How do you deal with under-valued skills, or an unfair or unjustified reputation?
- Perception is never completely objective
- Feedback is important
- Bad feedback is sometimes correct
- How to deal with an unjustified reputation
No immaculate perception:
How others perceive you is not the final truth of who you are. Perception does not equal reality. Sometimes people are mistaken in assessing your skills. Sometimes they don’t see all of your strengths. Sometimes they under-estimate your potential. These misjudgements negatively impact your productivity and upward mobility.
On the other hand, there is no such thing as immaculate self-perception either. How we see ourselves is filled with wishful thinking, unjustified doubts and worries, gullibility, false memories, outdated baggage, misinterpretations of causality, etc.
Validation is crucial:
Feedback is the ultimate reality check. We need an outward focus and regular contact with the external world—to our employees, colleagues, customers, suppliers, etc. Listening is non-negotiable—and not just listening for what we want to hear, but listening to what they want to say.
We need feedback from others, along with regular analysis of our impact on the world (our results), in order to:
- validate and update our self-perceptions,
- stay connected to the real world, which enhances adaptability & flexibility, and
- maintain our relevance, i.e., meaningful, needed, timely value added
This applies to both organizations as a whole and to individuals. The more your employees know about your stakeholder’s changing needs, the more open they will be to adapting to new realities. Exposure to the outside (the world outside of the team) has a significant impact on a team’s relevance, speed, flexibility, and sustainability, i.e., the capacity for renewal and long term, sustainable relevance and success.
Bad feedback is sometimes correct:
When others point out a blind spot, a real deficit in your skill set, you might choose to:
- improve that skill (fill that gap),
- compensate for that weakness with other skills, or
- surround yourself with people who excel in areas you do not—and build extremely strong working relationships with those people.
When your reputation is unjustified:
What about when your reputation is unjustified; when perceptions of you are inaccurate and unfair?
Well it’s a big problem and you need to take action. If you are not recognized for legitimately having a particular skill, it will be far less likely that you will be:
- asked for input when that issue arises
- invited to those meetings (where that skill is needed)
- considered for promotions for positions in which that strength is required
People will treat you in a way that is consistent with their perception of you. Their perception of you is their reality, and they will make decisions on the basis of what they take to be true, i.e., on the basis of the world as they see it.
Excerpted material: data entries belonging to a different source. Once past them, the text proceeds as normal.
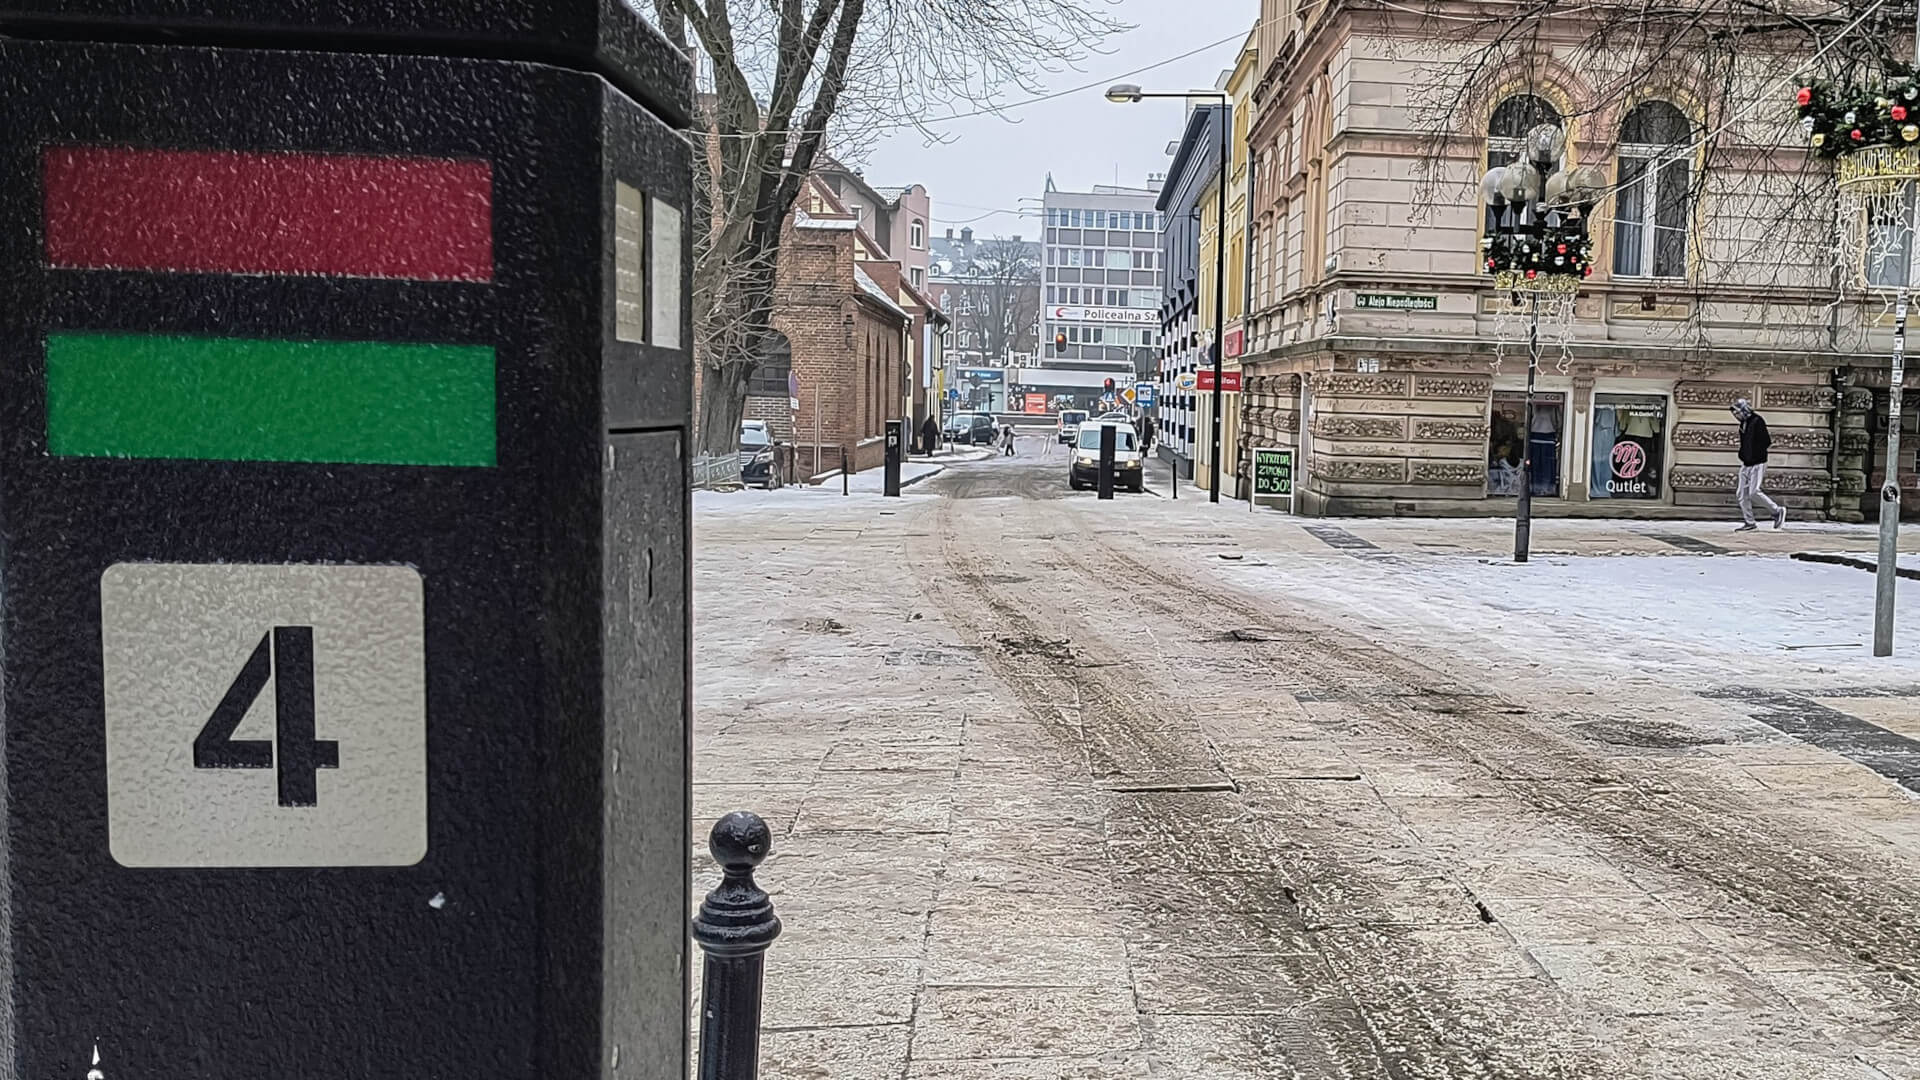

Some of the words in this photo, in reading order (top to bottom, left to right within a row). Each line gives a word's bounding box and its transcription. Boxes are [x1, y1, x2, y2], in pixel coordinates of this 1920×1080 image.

[1368, 296, 1385, 308] Aleja
[1084, 309, 1141, 320] Policealna
[1202, 376, 1237, 385] amifon
[1258, 477, 1270, 489] DO
[193, 625, 340, 808] 4
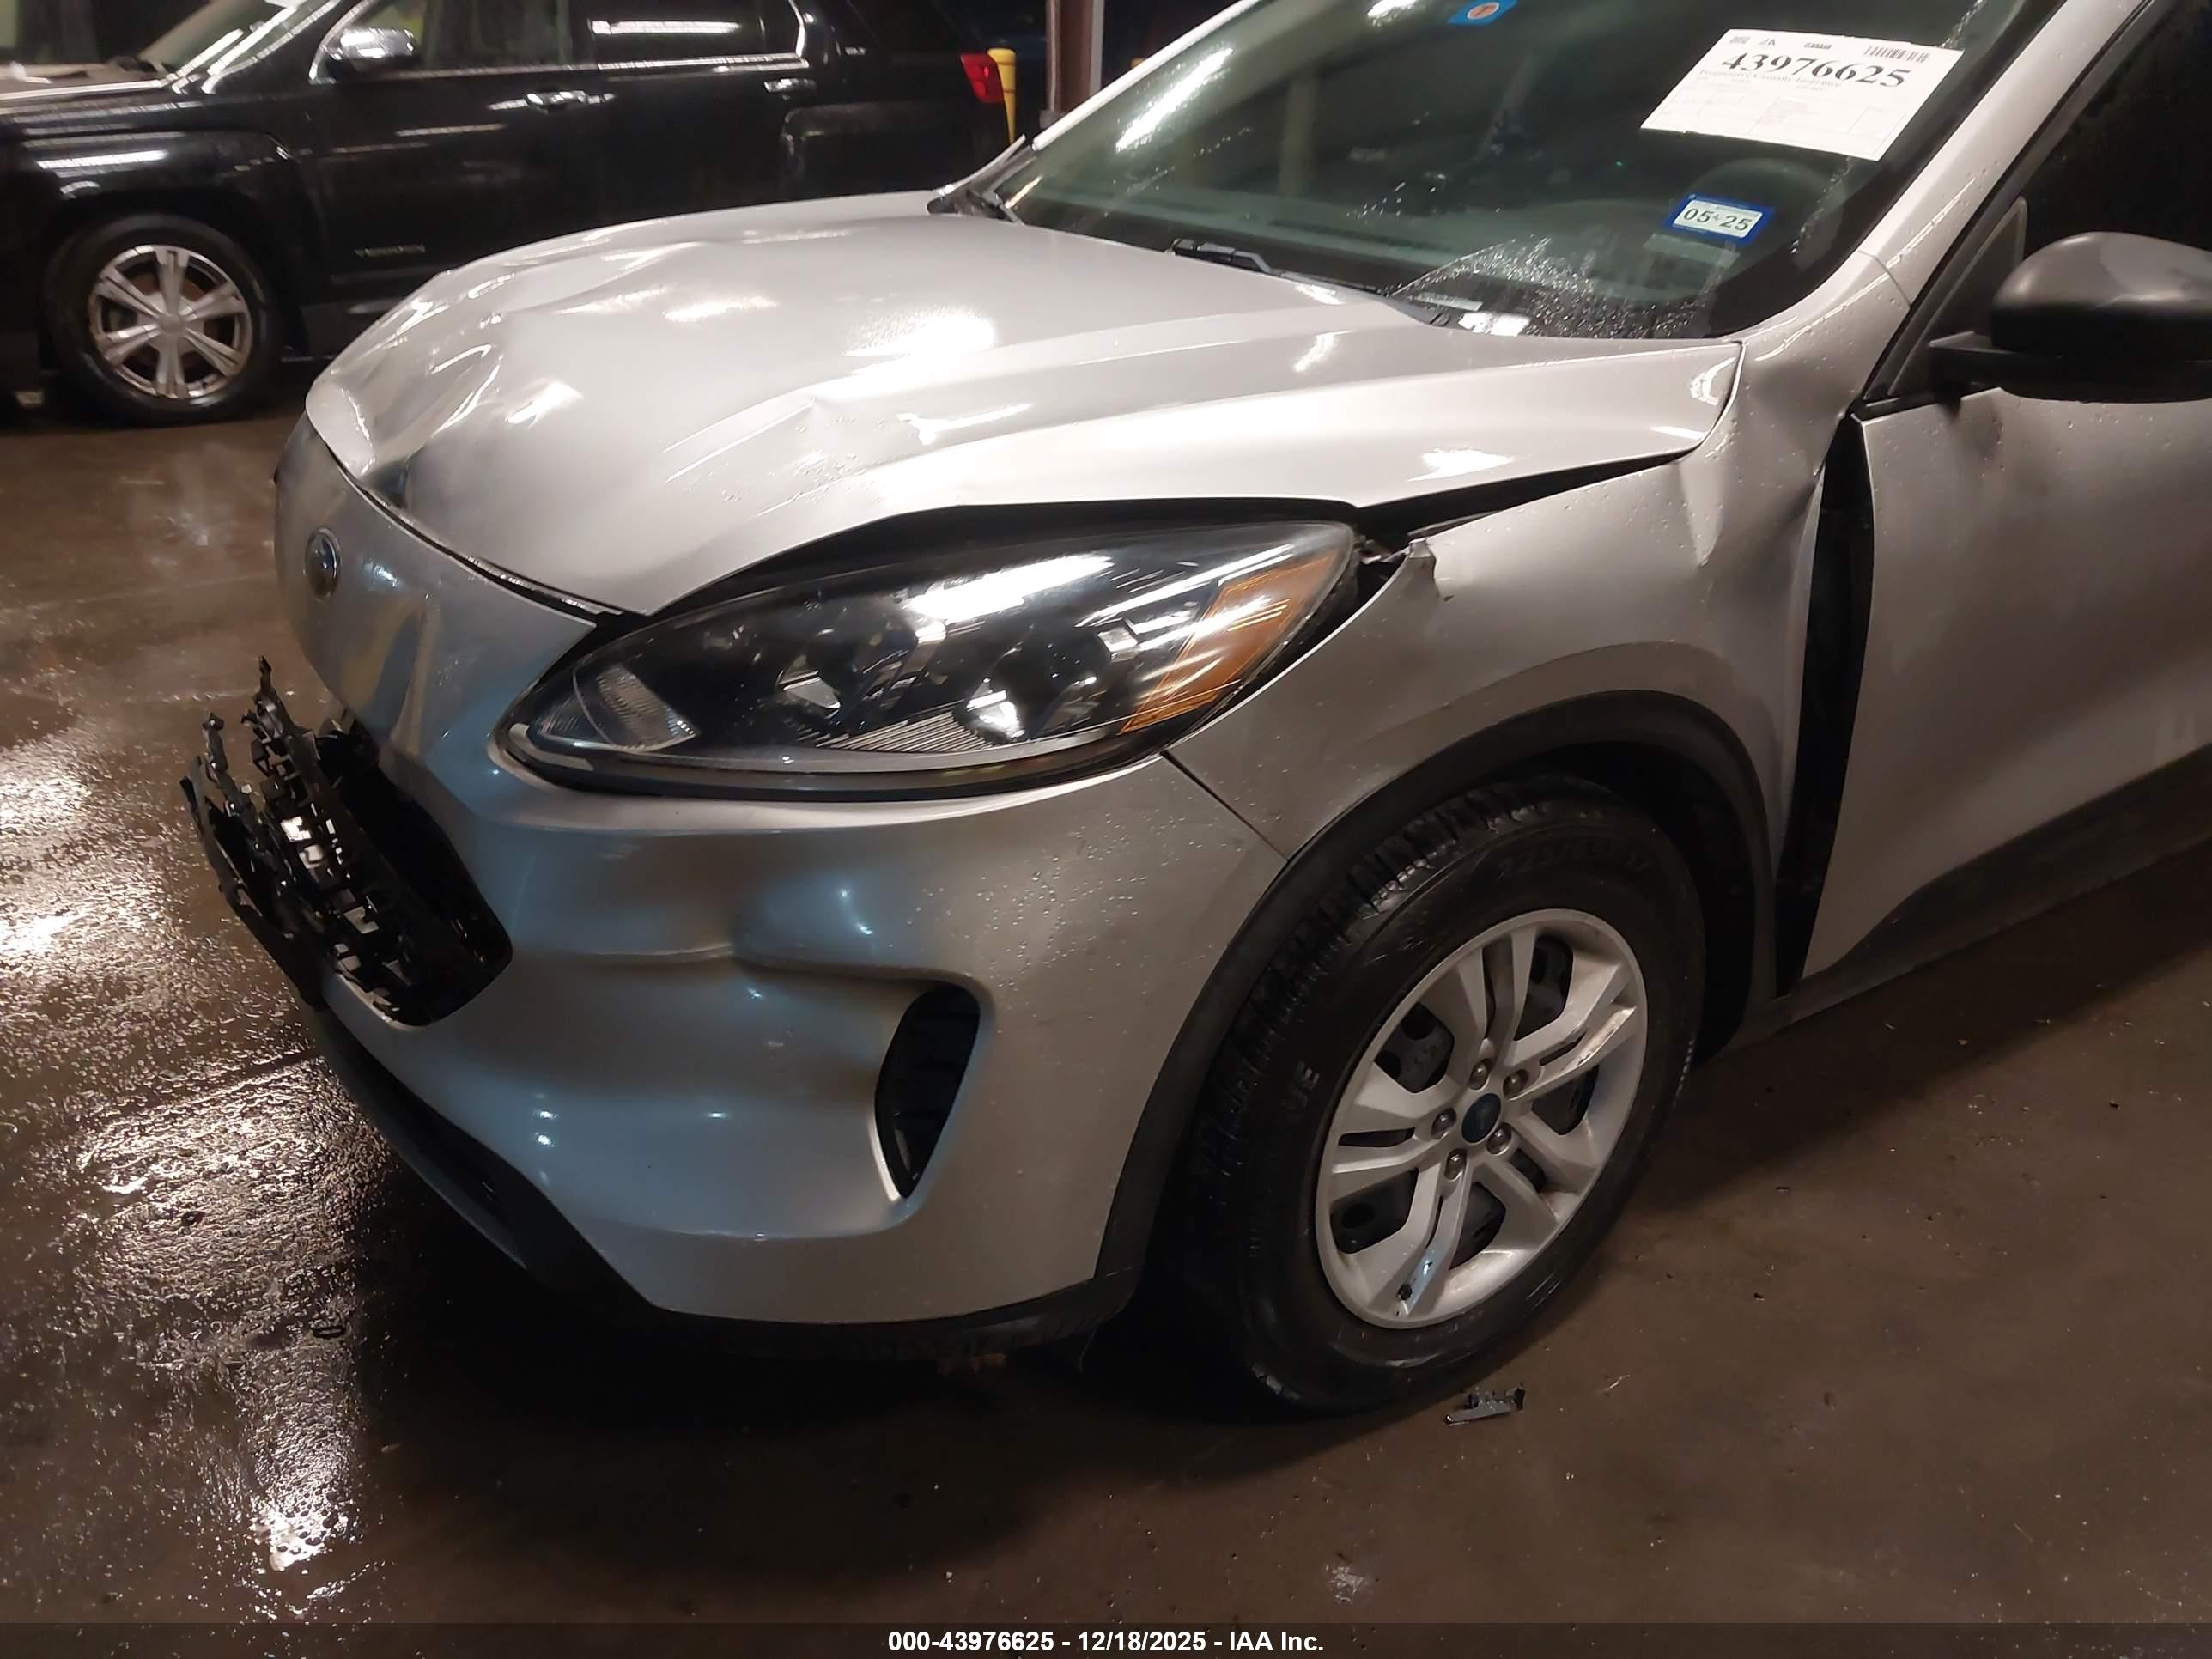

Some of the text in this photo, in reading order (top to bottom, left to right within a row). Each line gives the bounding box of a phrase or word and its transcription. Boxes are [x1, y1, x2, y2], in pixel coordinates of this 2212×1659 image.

[1722, 52, 1911, 87] 43976625
[1684, 208, 1751, 231] 05 25
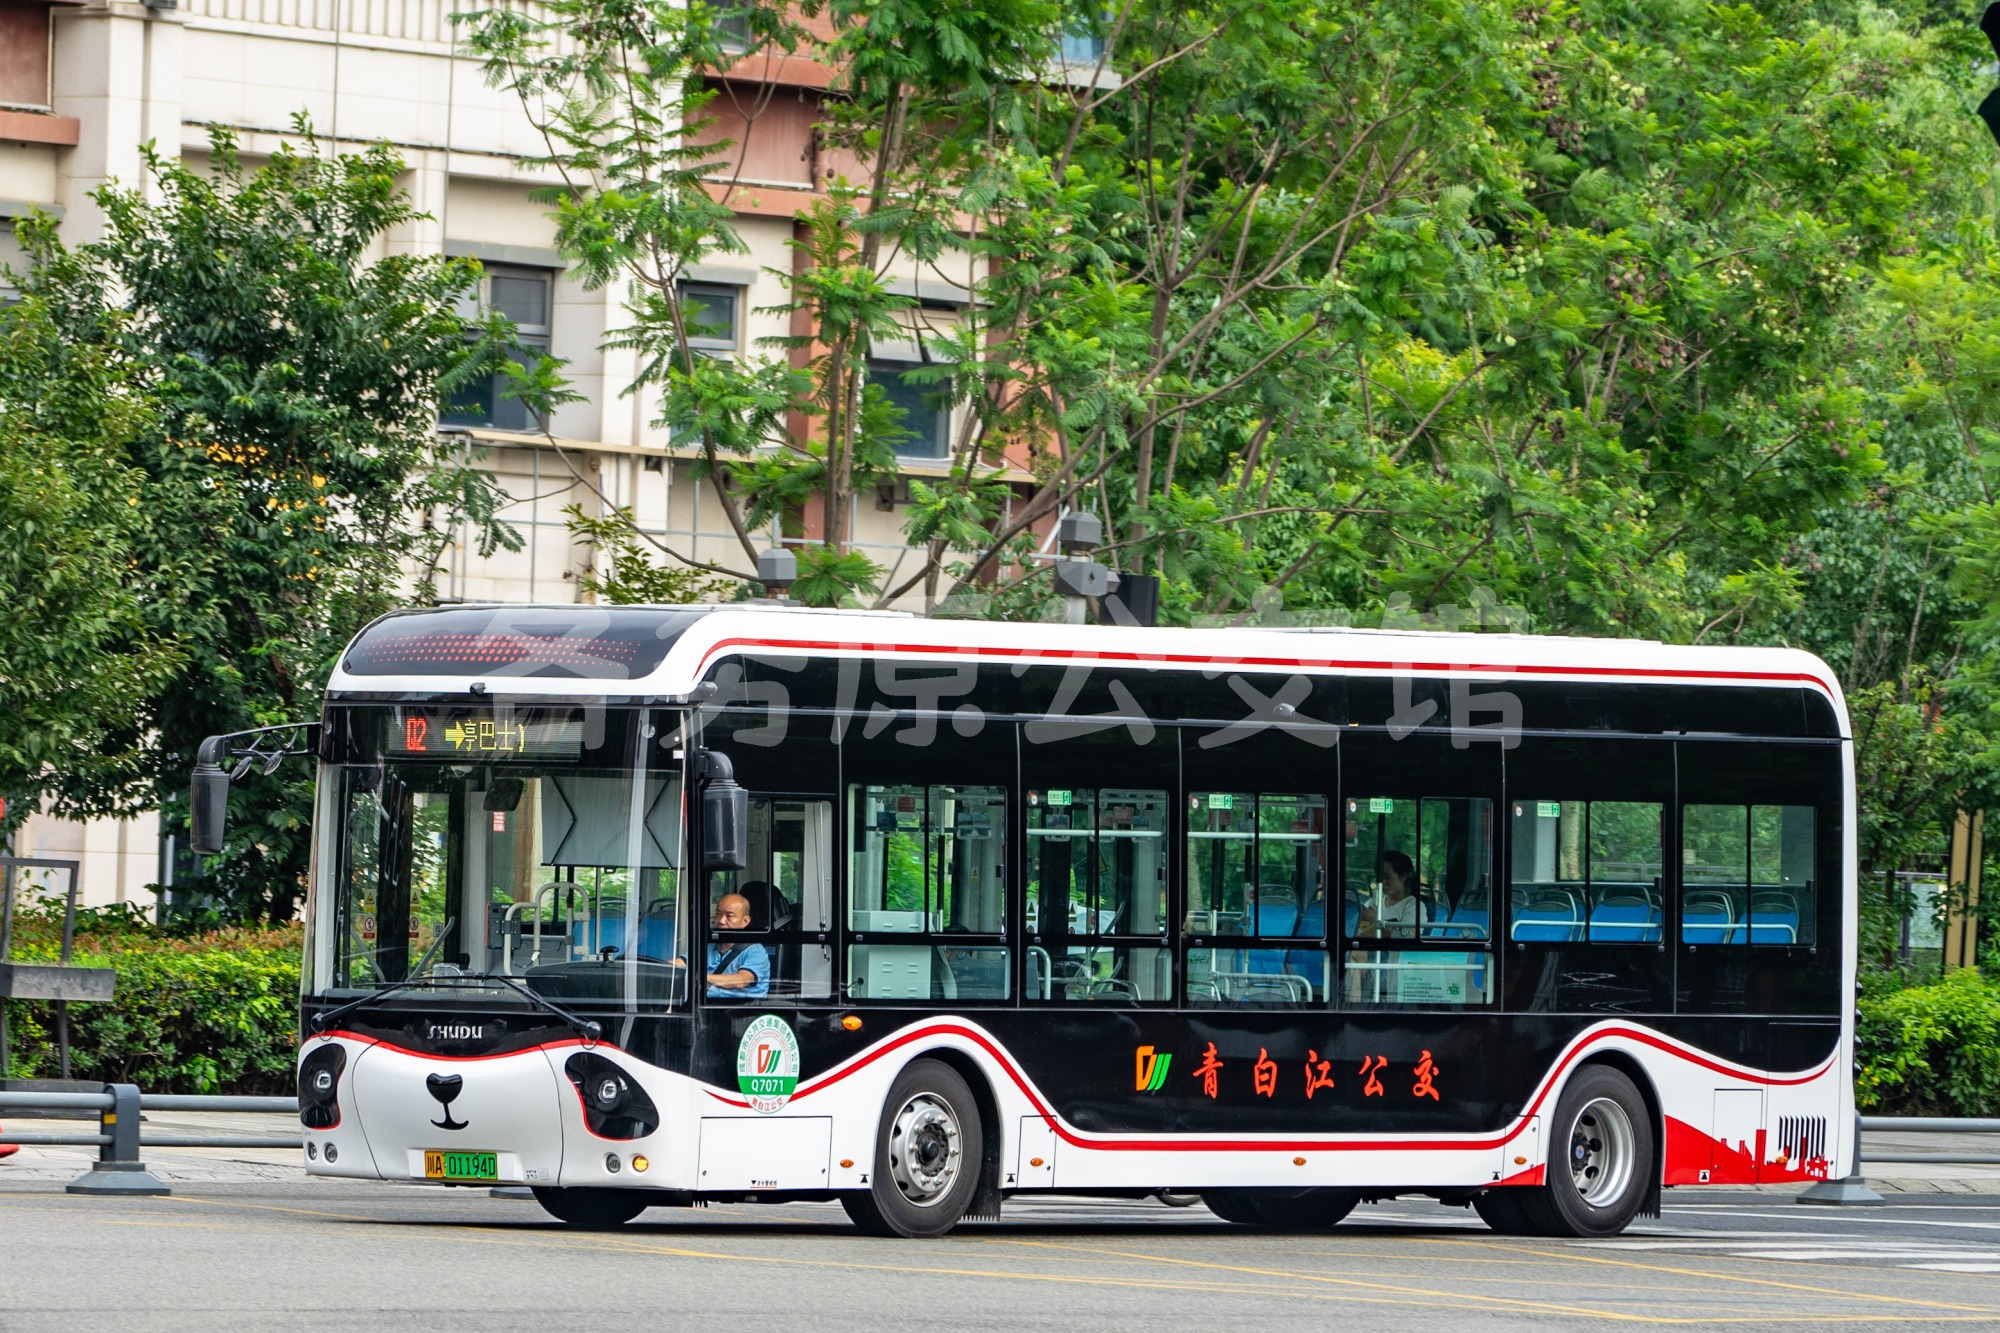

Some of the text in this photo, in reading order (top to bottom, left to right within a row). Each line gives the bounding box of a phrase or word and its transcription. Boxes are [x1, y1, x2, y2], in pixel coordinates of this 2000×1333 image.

If you are not recognized for having a certain skill or strength, you will not be engaged to use that skill nearly as often. Skills that are not used tend to wither and die an untimely death. Use it or lose it. Or to say this more positively: you need to use your skills to keep them sharp and up to date.
So what can you do if your skills are unrecognized or under-valued? You can’t run around bragging about how good you are at this skill, and complaining about how everyone is underrating you. This will make you look immature, insecure, needy, or arrogant, and obviously close doors for you.
This is what you can do:
- First, identify gaps you may have here and fill those gaps—there may be some truth in the negative feedback
- Catalogue and assess your strengths in this area
- Try to assess why & how others might not be seeing your skills in this area
- Make a list of how, where, and when you could and should be using those skills (identify opportunities to use them). In other words, map out how your skills can be deployed more visibly, more often, more appropriately (on more important and visible projects)
Example: If you have a reputation for being a lousy team player (e.g., get low ratings on team play in your 360 review), get out there and start being a better team player. Pick and choose your spots, of course. You have to do more & better teamwork where more & better teamwork is most required, where it will have the biggest impact on team and organizational success. And you may already have the skills you need to do this. It is rarely about changing who you are; it is most often about deploying or re-deploying skills you already have—and doing so in the right places and for the right reasons. If it looks fake or forced, people will assume you have a hidden agenda, and your efforts will backfire (you will damage your reputation rather than repairing it). With a huge practice like teamwork, of course, there are always new things to learn—ways to broaden and deepen our practice.
It is generally better to earn respect for your skills with actions rather than words. Nevertheless, all professionals have to do a bit of branding around their own unique value added.
Just keep in mind this basic rule of branding: “Your marketing must be aligned with your capabilities and actions.” And perhaps this basic rule of existentialism: “Don’t spend too much time fiddling with your brand—get out there and do something memorable”—or as my mother used to say: “Go outside and play.”
You don’t know everything and never will. Anyone at any time—even the most naïve novice or outsider—could tell you something you didn’t know, or see something you didn’t notice. Conclusion: seek out feedback; always be open to feedback; and think about the feedback before you respond.
Proactively look for places to use and develop your biggest strengths.
Finally, build strong working relationships so that the people around you will tell you when you are doing a poor job, help you when you need it, and generously watch your back—which they don’t have to do. This you have to earn.